The list gives a worthy nod to the 1980s with three of the ten songs, but that decade's resurgent political awareness in popular music (after the stagnant years of 1970s corporate rock) and the rise of New Wave, punk, rap, and reggae provided much fodder for protest movements. Besides "Free Nelson Mandela, "The anti-apartheid movement also spawned "(I Ain't Gonna Play) Sun City" and artists like Johnny Clegg and Paul Simon raised awareness of South African music. Reggae is full of protest (Marley's "Get Up, Stand Up," "3:00 Roadblock," Mutabaruka's "Outcry"). On a more positive spin of protest songs, the "Feed the World" and "Do They Know It's Christmas" projects fed drought-stricken Ethiopia and got a Boomtown Rat knighted. Rap, before it turned gangsta, was very political and protesty (e.g. Public Enemy's "911 Is a Joke"). And who can forget The Clash?

John Jackson
Sandy, UT

"One Tin Soldier" by the Original Caste. It could qualify as an anti-war song. Love it.

gasparilom
Eagle Mountain, UT

You missed perhaps the greatest of them all - For What it's Worth;)

Lagomorph
Salt Lake City, UT

The songs on the list all seem to be supporting causes generally associated with liberal politics (civil rights, peace, anti-apartheid). That got me wondering where the conservative protest songs are. Granted, conservatism by definition supports the status quo and resists change and has little need to protest (Nixon's silent majority).

Did the Klansmen and Citizen's Councils have a musical counterpoint to the "Eyes on the Prize" of Freedom Summer? (I suppose maybe "Dixie.")

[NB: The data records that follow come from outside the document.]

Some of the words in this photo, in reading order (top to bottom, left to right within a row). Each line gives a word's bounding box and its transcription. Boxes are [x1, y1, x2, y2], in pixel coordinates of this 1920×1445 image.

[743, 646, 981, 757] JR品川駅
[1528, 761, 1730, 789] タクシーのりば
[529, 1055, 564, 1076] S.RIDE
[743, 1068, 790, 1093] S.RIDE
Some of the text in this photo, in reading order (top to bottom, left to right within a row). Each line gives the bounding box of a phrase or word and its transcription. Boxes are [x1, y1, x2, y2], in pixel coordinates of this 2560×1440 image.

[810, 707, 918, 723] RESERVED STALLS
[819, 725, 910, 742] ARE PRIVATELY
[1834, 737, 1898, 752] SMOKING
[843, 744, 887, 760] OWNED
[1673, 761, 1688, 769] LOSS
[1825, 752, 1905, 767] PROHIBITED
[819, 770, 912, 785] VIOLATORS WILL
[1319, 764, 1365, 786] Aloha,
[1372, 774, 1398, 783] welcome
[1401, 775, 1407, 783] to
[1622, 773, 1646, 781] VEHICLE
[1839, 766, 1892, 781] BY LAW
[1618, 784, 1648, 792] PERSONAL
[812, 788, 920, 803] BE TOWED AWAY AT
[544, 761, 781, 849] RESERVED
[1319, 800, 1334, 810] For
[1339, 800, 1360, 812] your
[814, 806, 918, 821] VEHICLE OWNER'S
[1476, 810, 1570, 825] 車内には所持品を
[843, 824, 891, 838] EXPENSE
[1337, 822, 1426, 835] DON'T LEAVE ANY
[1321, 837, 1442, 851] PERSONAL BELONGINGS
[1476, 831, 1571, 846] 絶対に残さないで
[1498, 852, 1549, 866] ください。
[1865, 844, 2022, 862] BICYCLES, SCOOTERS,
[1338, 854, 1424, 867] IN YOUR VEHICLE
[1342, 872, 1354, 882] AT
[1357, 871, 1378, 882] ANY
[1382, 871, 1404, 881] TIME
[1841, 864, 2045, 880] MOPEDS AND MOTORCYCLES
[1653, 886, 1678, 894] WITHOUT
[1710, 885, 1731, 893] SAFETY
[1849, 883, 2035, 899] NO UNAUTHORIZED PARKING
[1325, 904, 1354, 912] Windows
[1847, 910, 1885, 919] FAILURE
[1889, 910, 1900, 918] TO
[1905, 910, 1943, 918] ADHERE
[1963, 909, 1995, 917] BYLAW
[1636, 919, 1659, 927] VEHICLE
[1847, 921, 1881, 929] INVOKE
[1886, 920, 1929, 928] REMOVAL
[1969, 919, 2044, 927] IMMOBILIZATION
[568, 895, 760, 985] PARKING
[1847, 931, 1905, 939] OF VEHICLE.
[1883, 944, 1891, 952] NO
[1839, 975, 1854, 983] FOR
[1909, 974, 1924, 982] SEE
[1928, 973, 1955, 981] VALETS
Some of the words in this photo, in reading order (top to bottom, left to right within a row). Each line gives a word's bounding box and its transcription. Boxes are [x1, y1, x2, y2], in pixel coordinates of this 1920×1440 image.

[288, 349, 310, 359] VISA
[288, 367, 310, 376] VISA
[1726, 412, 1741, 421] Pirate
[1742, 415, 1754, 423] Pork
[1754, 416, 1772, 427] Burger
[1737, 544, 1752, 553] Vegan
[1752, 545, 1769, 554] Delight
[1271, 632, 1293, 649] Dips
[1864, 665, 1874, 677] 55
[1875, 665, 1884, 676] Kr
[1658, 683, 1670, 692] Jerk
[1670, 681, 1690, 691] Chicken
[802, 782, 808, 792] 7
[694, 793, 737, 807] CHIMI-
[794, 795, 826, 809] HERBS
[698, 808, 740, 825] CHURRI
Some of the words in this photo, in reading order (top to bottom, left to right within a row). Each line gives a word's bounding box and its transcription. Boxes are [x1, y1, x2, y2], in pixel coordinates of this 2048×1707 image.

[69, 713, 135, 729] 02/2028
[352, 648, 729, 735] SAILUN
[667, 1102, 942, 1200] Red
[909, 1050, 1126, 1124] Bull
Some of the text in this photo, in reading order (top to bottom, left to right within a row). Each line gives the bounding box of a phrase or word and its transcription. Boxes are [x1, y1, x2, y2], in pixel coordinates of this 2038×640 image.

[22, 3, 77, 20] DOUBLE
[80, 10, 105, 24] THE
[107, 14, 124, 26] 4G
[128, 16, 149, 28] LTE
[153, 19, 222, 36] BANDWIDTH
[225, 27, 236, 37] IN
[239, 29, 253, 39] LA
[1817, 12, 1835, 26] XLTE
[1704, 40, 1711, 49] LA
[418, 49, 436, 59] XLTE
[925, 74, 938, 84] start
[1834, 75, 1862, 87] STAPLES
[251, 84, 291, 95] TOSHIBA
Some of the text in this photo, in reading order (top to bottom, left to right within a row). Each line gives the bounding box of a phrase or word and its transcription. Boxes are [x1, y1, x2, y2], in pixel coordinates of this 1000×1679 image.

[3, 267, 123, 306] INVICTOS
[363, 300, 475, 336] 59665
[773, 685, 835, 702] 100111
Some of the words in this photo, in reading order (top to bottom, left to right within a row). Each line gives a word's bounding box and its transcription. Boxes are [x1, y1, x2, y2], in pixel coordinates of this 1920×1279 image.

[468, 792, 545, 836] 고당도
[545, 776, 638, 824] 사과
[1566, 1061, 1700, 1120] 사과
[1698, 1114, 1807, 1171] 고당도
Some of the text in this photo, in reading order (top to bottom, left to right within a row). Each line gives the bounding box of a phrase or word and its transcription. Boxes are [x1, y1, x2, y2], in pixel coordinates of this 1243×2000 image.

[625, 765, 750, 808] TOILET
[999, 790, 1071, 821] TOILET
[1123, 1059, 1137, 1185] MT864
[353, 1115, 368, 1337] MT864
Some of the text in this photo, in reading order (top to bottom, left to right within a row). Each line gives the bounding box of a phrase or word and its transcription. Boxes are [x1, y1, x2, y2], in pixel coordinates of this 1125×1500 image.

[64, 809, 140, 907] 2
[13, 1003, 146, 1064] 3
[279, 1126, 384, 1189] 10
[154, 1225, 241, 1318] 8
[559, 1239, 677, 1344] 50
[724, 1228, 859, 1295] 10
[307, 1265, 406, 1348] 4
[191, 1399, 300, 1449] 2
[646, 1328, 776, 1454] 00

I doubt they were singing, but what tunes were in the minds of the Chicago police in 1968 and the guardsmen at Kent State? What heteronormative anthem did the Prop 8 campaigners sing? Is there a Sagebrush Rebellion songbook? After a hot day patrolling the Arizona border, what do the Minutemen sing around the campfire? Did Cliven Bundy's militia supporters unite behind a song? What do the Operation Rescue marchers chant? Is there an ethnomusicologist anywhere documenting this?

The best I can come up with is Haggard's "Okie from Muskogee," a reflection of the zeitgeist but hardly a rallying cry.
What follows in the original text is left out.